** EXERCISE OBJECTIVE **
Retype all entries exactly, skipping pictures.

Segment Open

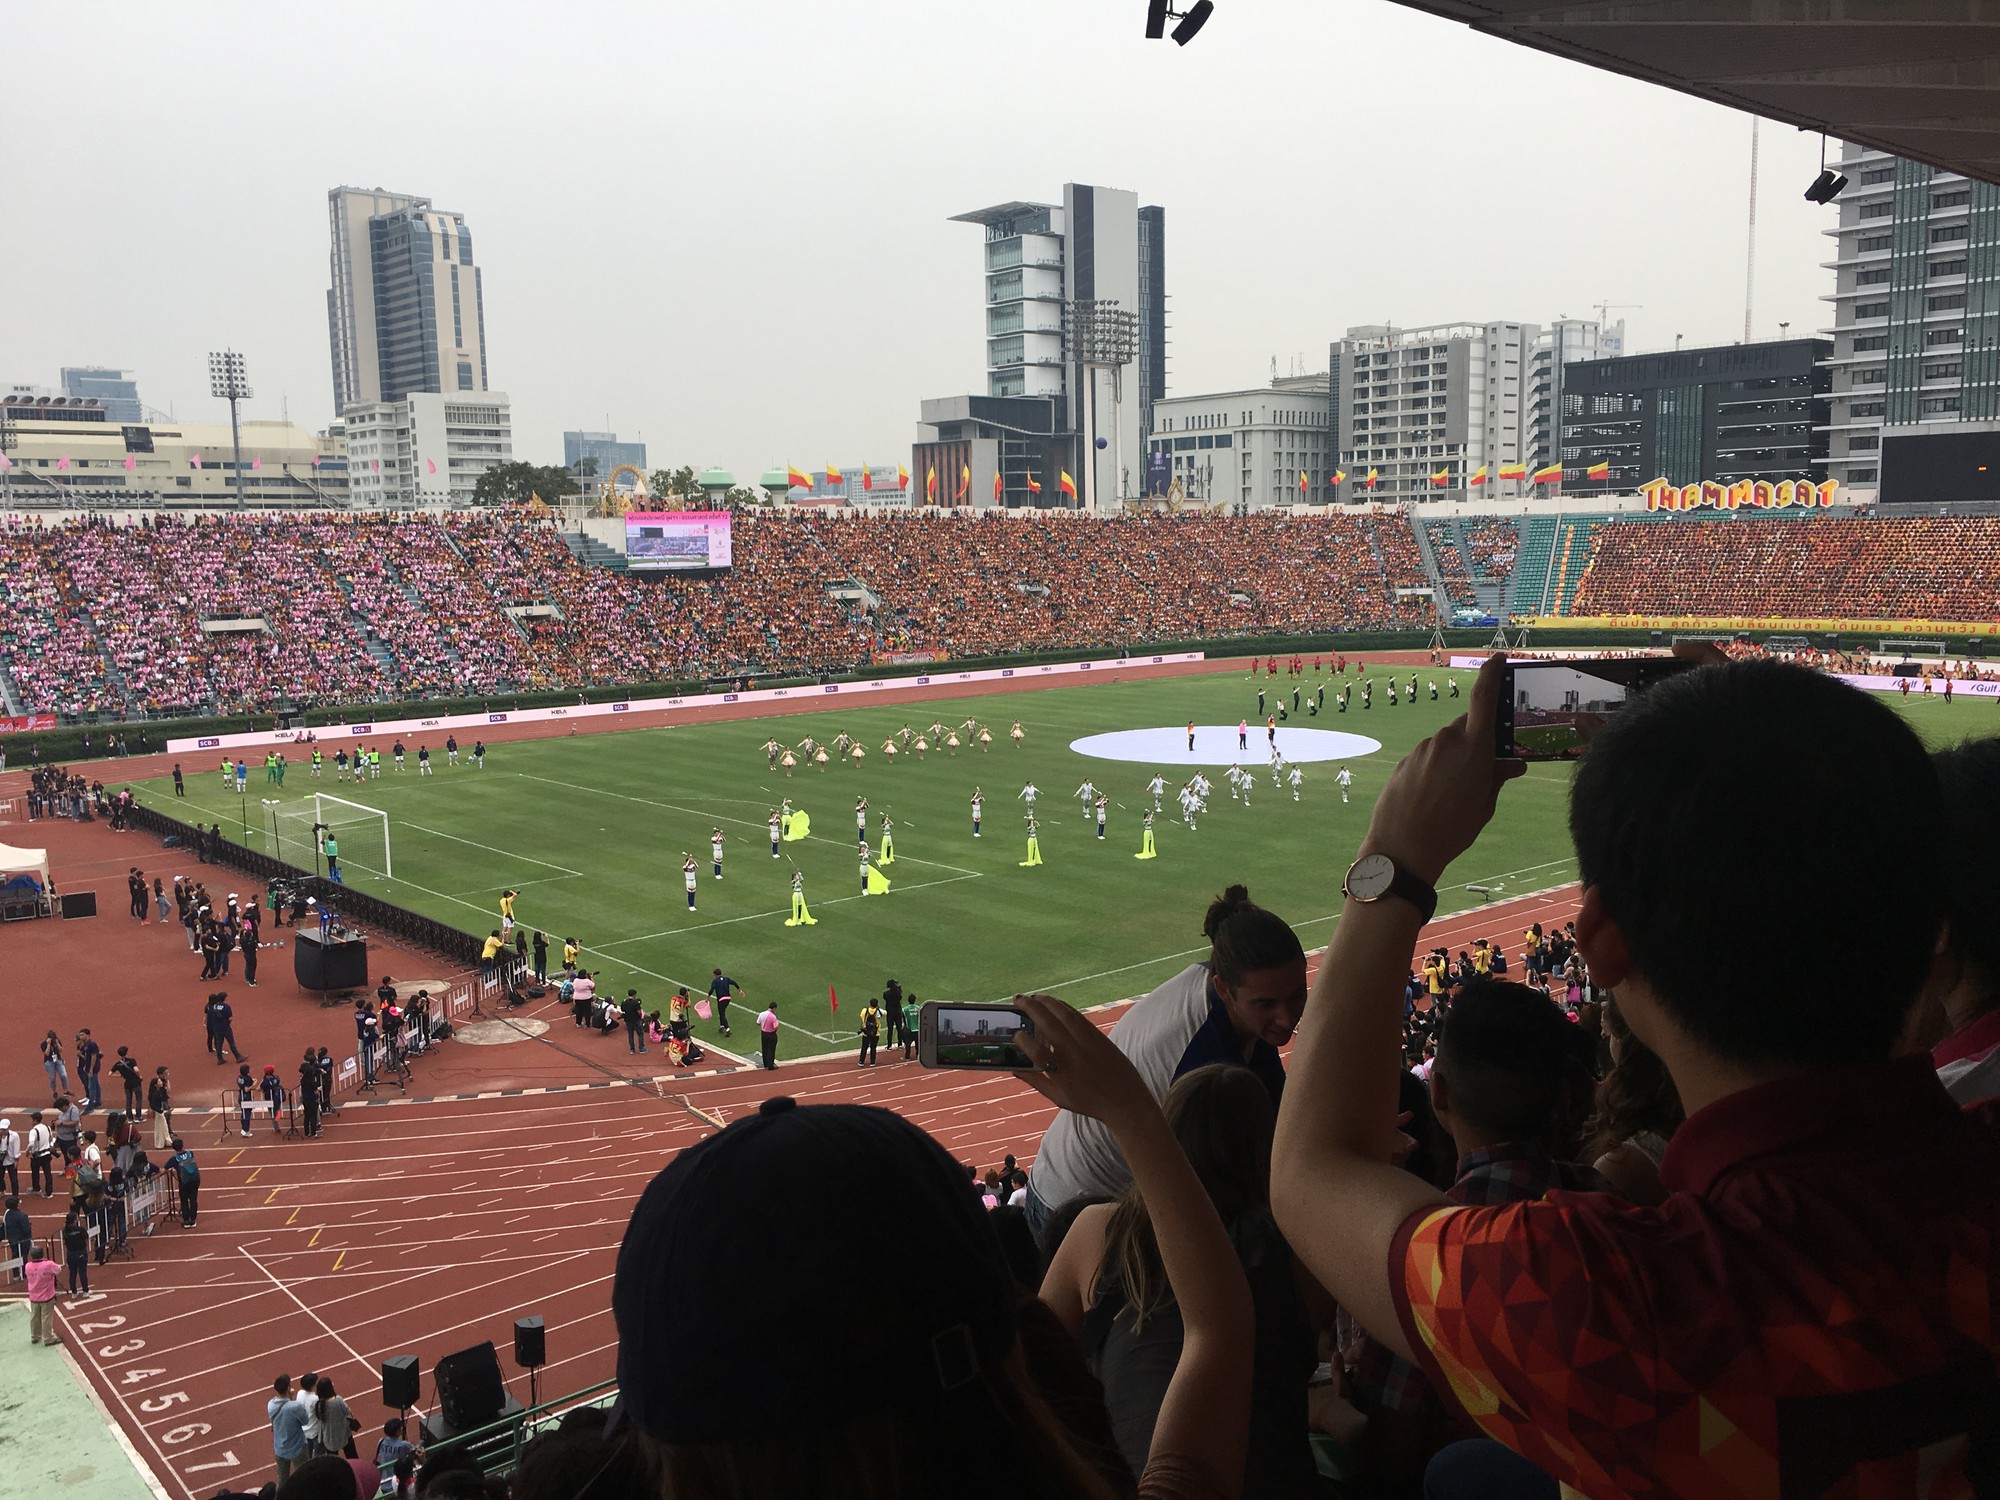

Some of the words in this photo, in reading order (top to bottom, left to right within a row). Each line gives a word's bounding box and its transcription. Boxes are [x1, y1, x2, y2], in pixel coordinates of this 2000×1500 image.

[1638, 477, 1839, 512] THAMMASAT
[1976, 683, 1998, 693] Gulf
[63, 1293, 107, 1310] 1
[80, 1315, 126, 1334] 2
[99, 1339, 146, 1357] 3
[121, 1368, 166, 1385] 4
[140, 1391, 190, 1412] 5
[162, 1423, 212, 1444] 6
[185, 1450, 241, 1474] 7

Segment Closed

** ANSWER FOR THE TASK **
Some of the words in this photo, in reading order (top to bottom, left to right within a row). Each line gives a word's bounding box and its transcription. Boxes are [x1, y1, x2, y2], in pixel coordinates of this 2000×1500 image.

[1638, 477, 1839, 512] THAMMASAT
[1976, 683, 1998, 693] Gulf
[63, 1293, 107, 1310] 1
[80, 1315, 126, 1334] 2
[99, 1339, 146, 1357] 3
[121, 1368, 166, 1385] 4
[140, 1391, 190, 1412] 5
[162, 1423, 212, 1444] 6
[185, 1450, 241, 1474] 7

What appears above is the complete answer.